Spatial localization data:

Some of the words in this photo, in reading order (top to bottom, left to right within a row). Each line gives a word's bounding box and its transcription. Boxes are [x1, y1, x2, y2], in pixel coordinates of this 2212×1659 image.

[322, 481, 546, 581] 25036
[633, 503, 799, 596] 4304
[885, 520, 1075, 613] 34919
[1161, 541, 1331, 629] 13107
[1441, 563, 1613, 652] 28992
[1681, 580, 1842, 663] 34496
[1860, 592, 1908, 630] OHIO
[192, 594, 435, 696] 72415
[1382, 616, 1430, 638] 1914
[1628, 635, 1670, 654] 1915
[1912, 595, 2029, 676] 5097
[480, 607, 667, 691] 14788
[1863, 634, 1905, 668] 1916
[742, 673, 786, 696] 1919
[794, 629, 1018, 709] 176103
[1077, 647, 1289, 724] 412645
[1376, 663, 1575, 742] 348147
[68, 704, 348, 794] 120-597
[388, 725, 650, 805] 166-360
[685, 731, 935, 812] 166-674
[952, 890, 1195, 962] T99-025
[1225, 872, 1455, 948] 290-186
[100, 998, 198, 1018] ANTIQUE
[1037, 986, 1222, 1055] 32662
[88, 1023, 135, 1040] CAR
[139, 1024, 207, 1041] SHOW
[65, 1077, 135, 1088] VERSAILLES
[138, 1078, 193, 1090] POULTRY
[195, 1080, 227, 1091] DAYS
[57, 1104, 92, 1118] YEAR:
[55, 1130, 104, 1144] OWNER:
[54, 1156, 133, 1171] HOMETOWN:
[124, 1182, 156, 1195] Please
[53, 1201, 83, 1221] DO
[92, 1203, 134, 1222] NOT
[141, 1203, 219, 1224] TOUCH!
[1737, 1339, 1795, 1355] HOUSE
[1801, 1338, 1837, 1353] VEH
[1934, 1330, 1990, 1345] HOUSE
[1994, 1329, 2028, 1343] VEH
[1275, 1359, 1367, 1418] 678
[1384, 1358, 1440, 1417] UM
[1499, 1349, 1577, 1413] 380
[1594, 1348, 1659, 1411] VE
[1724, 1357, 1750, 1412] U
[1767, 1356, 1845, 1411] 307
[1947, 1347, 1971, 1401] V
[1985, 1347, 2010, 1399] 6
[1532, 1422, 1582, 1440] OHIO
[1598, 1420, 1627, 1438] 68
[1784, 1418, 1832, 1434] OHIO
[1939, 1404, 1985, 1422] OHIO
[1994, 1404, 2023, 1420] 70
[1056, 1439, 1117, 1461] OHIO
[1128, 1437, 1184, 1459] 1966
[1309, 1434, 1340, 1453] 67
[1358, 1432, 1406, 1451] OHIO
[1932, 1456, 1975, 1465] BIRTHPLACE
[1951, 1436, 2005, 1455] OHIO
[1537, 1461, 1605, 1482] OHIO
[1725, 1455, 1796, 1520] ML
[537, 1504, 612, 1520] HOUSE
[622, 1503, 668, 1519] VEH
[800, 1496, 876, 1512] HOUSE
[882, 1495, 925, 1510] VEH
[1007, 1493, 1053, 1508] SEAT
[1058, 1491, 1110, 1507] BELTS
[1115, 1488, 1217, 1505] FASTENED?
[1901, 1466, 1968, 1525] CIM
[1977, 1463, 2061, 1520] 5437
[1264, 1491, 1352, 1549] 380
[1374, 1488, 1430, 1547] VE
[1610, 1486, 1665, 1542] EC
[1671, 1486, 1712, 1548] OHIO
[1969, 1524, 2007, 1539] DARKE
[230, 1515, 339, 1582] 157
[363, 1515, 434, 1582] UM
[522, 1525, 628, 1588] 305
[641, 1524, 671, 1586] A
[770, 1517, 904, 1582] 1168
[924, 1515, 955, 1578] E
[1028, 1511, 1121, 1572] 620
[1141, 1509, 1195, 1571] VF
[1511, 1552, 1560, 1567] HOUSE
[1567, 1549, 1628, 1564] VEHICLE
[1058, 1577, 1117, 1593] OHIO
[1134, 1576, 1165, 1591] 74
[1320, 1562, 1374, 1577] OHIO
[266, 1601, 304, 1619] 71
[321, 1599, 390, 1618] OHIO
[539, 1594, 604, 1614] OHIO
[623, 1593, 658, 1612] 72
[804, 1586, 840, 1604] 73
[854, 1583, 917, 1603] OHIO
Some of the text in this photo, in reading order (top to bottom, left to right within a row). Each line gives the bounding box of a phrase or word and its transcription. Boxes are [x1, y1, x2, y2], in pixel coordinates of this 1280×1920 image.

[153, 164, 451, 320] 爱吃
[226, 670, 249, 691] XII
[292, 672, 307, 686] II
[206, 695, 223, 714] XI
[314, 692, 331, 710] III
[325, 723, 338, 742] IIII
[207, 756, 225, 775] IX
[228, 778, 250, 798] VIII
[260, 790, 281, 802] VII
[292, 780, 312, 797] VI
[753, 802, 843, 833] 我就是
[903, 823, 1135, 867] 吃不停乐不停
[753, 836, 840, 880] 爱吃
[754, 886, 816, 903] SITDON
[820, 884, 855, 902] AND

Task requirements:
All of the data needs to be reproduced exactly, with no line missing.

Answer area:
Some of the words in this photo, in reading order (top to bottom, left to right within a row). Each line gives a word's bounding box and its transcription. Boxes are [x1, y1, x2, y2], in pixel coordinates of this 2212×1659 image.

[322, 481, 546, 581] 25036
[633, 503, 799, 596] 4304
[885, 520, 1075, 613] 34919
[1161, 541, 1331, 629] 13107
[1441, 563, 1613, 652] 28992
[1681, 580, 1842, 663] 34496
[1860, 592, 1908, 630] OHIO
[192, 594, 435, 696] 72415
[1382, 616, 1430, 638] 1914
[1628, 635, 1670, 654] 1915
[1912, 595, 2029, 676] 5097
[480, 607, 667, 691] 14788
[1863, 634, 1905, 668] 1916
[742, 673, 786, 696] 1919
[794, 629, 1018, 709] 176103
[1077, 647, 1289, 724] 412645
[1376, 663, 1575, 742] 348147
[68, 704, 348, 794] 120-597
[388, 725, 650, 805] 166-360
[685, 731, 935, 812] 166-674
[952, 890, 1195, 962] T99-025
[1225, 872, 1455, 948] 290-186
[100, 998, 198, 1018] ANTIQUE
[1037, 986, 1222, 1055] 32662
[88, 1023, 135, 1040] CAR
[139, 1024, 207, 1041] SHOW
[65, 1077, 135, 1088] VERSAILLES
[138, 1078, 193, 1090] POULTRY
[195, 1080, 227, 1091] DAYS
[57, 1104, 92, 1118] YEAR:
[55, 1130, 104, 1144] OWNER:
[54, 1156, 133, 1171] HOMETOWN:
[124, 1182, 156, 1195] Please
[53, 1201, 83, 1221] DO
[92, 1203, 134, 1222] NOT
[141, 1203, 219, 1224] TOUCH!
[1737, 1339, 1795, 1355] HOUSE
[1801, 1338, 1837, 1353] VEH
[1934, 1330, 1990, 1345] HOUSE
[1994, 1329, 2028, 1343] VEH
[1275, 1359, 1367, 1418] 678
[1384, 1358, 1440, 1417] UM
[1499, 1349, 1577, 1413] 380
[1594, 1348, 1659, 1411] VE
[1724, 1357, 1750, 1412] U
[1767, 1356, 1845, 1411] 307
[1947, 1347, 1971, 1401] V
[1985, 1347, 2010, 1399] 6
[1532, 1422, 1582, 1440] OHIO
[1598, 1420, 1627, 1438] 68
[1784, 1418, 1832, 1434] OHIO
[1939, 1404, 1985, 1422] OHIO
[1994, 1404, 2023, 1420] 70
[1056, 1439, 1117, 1461] OHIO
[1128, 1437, 1184, 1459] 1966
[1309, 1434, 1340, 1453] 67
[1358, 1432, 1406, 1451] OHIO
[1932, 1456, 1975, 1465] BIRTHPLACE
[1951, 1436, 2005, 1455] OHIO
[1537, 1461, 1605, 1482] OHIO
[1725, 1455, 1796, 1520] ML
[537, 1504, 612, 1520] HOUSE
[622, 1503, 668, 1519] VEH
[800, 1496, 876, 1512] HOUSE
[882, 1495, 925, 1510] VEH
[1007, 1493, 1053, 1508] SEAT
[1058, 1491, 1110, 1507] BELTS
[1115, 1488, 1217, 1505] FASTENED?
[1901, 1466, 1968, 1525] CIM
[1977, 1463, 2061, 1520] 5437
[1264, 1491, 1352, 1549] 380
[1374, 1488, 1430, 1547] VE
[1610, 1486, 1665, 1542] EC
[1671, 1486, 1712, 1548] OHIO
[1969, 1524, 2007, 1539] DARKE
[230, 1515, 339, 1582] 157
[363, 1515, 434, 1582] UM
[522, 1525, 628, 1588] 305
[641, 1524, 671, 1586] A
[770, 1517, 904, 1582] 1168
[924, 1515, 955, 1578] E
[1028, 1511, 1121, 1572] 620
[1141, 1509, 1195, 1571] VF
[1511, 1552, 1560, 1567] HOUSE
[1567, 1549, 1628, 1564] VEHICLE
[1058, 1577, 1117, 1593] OHIO
[1134, 1576, 1165, 1591] 74
[1320, 1562, 1374, 1577] OHIO
[266, 1601, 304, 1619] 71
[321, 1599, 390, 1618] OHIO
[539, 1594, 604, 1614] OHIO
[623, 1593, 658, 1612] 72
[804, 1586, 840, 1604] 73
[854, 1583, 917, 1603] OHIO
Some of the text in this photo, in reading order (top to bottom, left to right within a row). Each line gives the bounding box of a phrase or word and its transcription. Boxes are [x1, y1, x2, y2], in pixel coordinates of this 1280×1920 image.

[153, 164, 451, 320] 爱吃
[226, 670, 249, 691] XII
[292, 672, 307, 686] II
[206, 695, 223, 714] XI
[314, 692, 331, 710] III
[325, 723, 338, 742] IIII
[207, 756, 225, 775] IX
[228, 778, 250, 798] VIII
[260, 790, 281, 802] VII
[292, 780, 312, 797] VI
[753, 802, 843, 833] 我就是
[903, 823, 1135, 867] 吃不停乐不停
[753, 836, 840, 880] 爱吃
[754, 886, 816, 903] SITDON
[820, 884, 855, 902] AND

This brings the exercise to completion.